Azure Resource Manager (ARM) templates let you define your infrastructure as code and deploy it consistently across environments. If you are still clicking through the Azure portal to provision resources, this is worth your time.

What ARM templates are

An ARM template is a JSON file that declares the Azure resources you want to deploy and their configuration. You describe the desired end state and Azure figures out how to get there. The template is idempotent: run it once, run it ten times, you get the same result.
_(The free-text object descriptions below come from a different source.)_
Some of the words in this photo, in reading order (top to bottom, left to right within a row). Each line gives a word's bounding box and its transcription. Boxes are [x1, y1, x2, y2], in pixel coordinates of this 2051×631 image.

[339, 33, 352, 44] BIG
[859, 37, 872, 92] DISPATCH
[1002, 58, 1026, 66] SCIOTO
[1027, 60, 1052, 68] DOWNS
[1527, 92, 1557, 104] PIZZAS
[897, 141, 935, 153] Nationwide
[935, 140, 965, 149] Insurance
Microsoft introduced ARM in 2014 as the replacement for the older Azure Service Management API. Every resource you create in Azure, from a VM to a storage account to an App Service, has an ARM representation. Templates are how you automate that at scale.

Template structure

Every ARM template has the same top-level structure. The $schema field tells tooling which version of the template language you are using. contentVersion is a free-form string for your own versioning. parameters are inputs that let you customise a deployment. variables compute values you reuse across the template. resources is the array of things you actually want to deploy. outputs return values after deployment completes.

{
  "$schema": "https://schema.management.azure.com/schemas/2019-04-01/deploymentTemplate.json#",
  "contentVersion": "1.0.0.0",
  "parameters": { ... },
  "variables": { ... },
  "resources": [ ... ],
  "outputs": { ... }
}

A practical example

Say you want to deploy a storage account. The resource block looks like this:

{
  "type": "Microsoft.Storage/storageAccounts",
  "apiVersion": "2023-01-01",
  "name": "[parameters('storageAccountName')]",
  "location": "[resourceGroup().location]",
  "sku": { "name": "Standard_LRS" },
  "kind": "StorageV2"
}

The [parameters()] and [resourceGroup()] syntax are ARM template functions. They evaluate at deploy time. ARM has around 50 built-in functions covering string manipulation, array operations, resource references, and conditionals.
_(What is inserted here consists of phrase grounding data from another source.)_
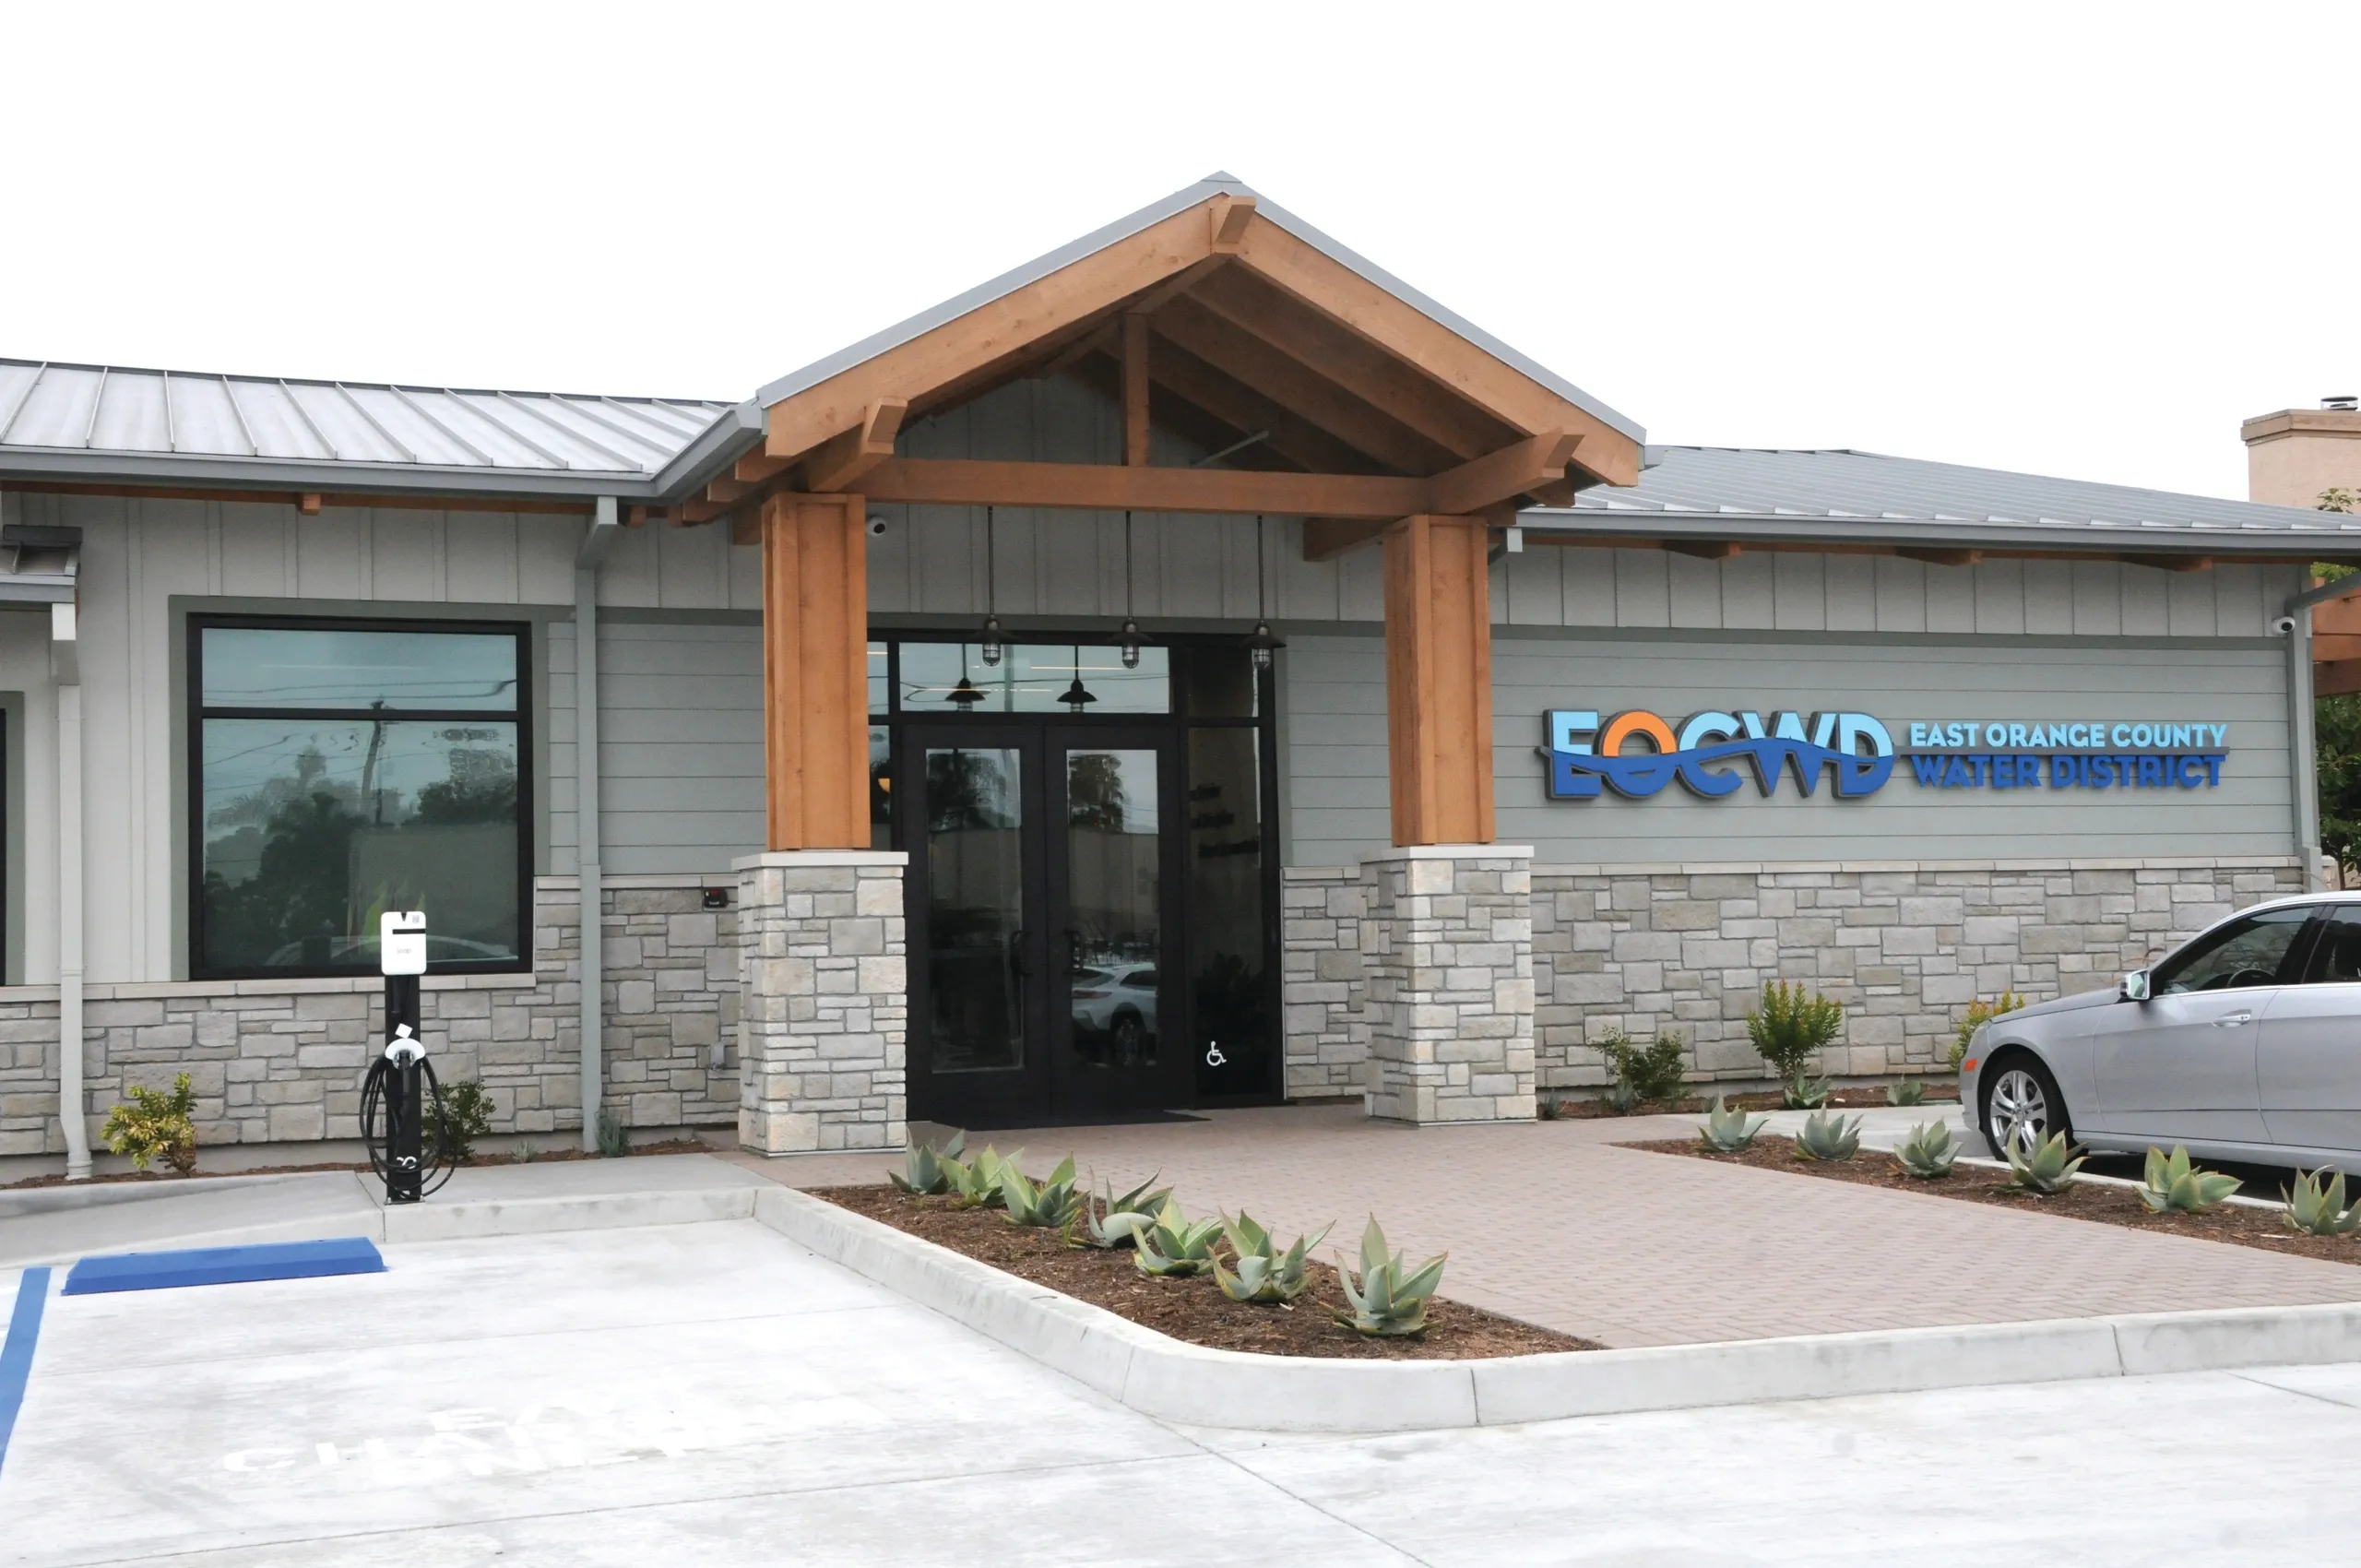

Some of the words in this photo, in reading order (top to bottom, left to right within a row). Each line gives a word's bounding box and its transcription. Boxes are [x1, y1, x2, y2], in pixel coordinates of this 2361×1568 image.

[1910, 722, 1980, 747] EAST
[1986, 722, 2106, 747] ORANGE
[2111, 722, 2227, 748] COUNTY
[1540, 710, 1895, 799] EOCWD
[1911, 754, 2041, 788] WATER
[2051, 754, 2226, 788] DISTRICT
Parameters and parameter files

Hard-coding values in templates defeats the purpose. Parameters let you pass in environment-specific values at deploy time. You define a parameter with a type, optional default, and optional allowed values list. Then you pass actual values using a separate parameters file.

This pattern means one template works across dev, staging, and production. The template defines the shape of your infrastructure. The parameters file defines the specifics for each environment. Keep templates in source control. Keep parameters files in source control. Never hard-code secrets: use Azure Key Vault references in parameter files to pull secrets at deploy time.

Deploying a template

The simplest way is the Azure CLI:

az deployment group create --resource-group myRG --template-file main.json --parameters @dev.parameters.json

This validates the template before deploying. If there is a syntax error or an invalid resource property, it tells you before any resources are created. Run with --what-if to preview the changes without actually deploying. That flag is genuinely useful before touching production.

ARM templates vs Bicep

Bicep is a domain-specific language that compiles to ARM JSON. It has cleaner syntax, better type safety, and much less verbosity. If you are starting fresh in 2024, Bicep is the way to go. ARM JSON is still the underlying format and everything here applies conceptually to Bicep. But you write a lot less to achieve the same thing. Microsoft treats Bicep as the primary authoring experience now, with ARM JSON as the compilation target.

For teams on Terraform, the same infrastructure-as-code principles apply. ARM templates and Bicep are Azure-native. Terraform is cloud-agnostic. Pick what fits your organisation's existing toolchain.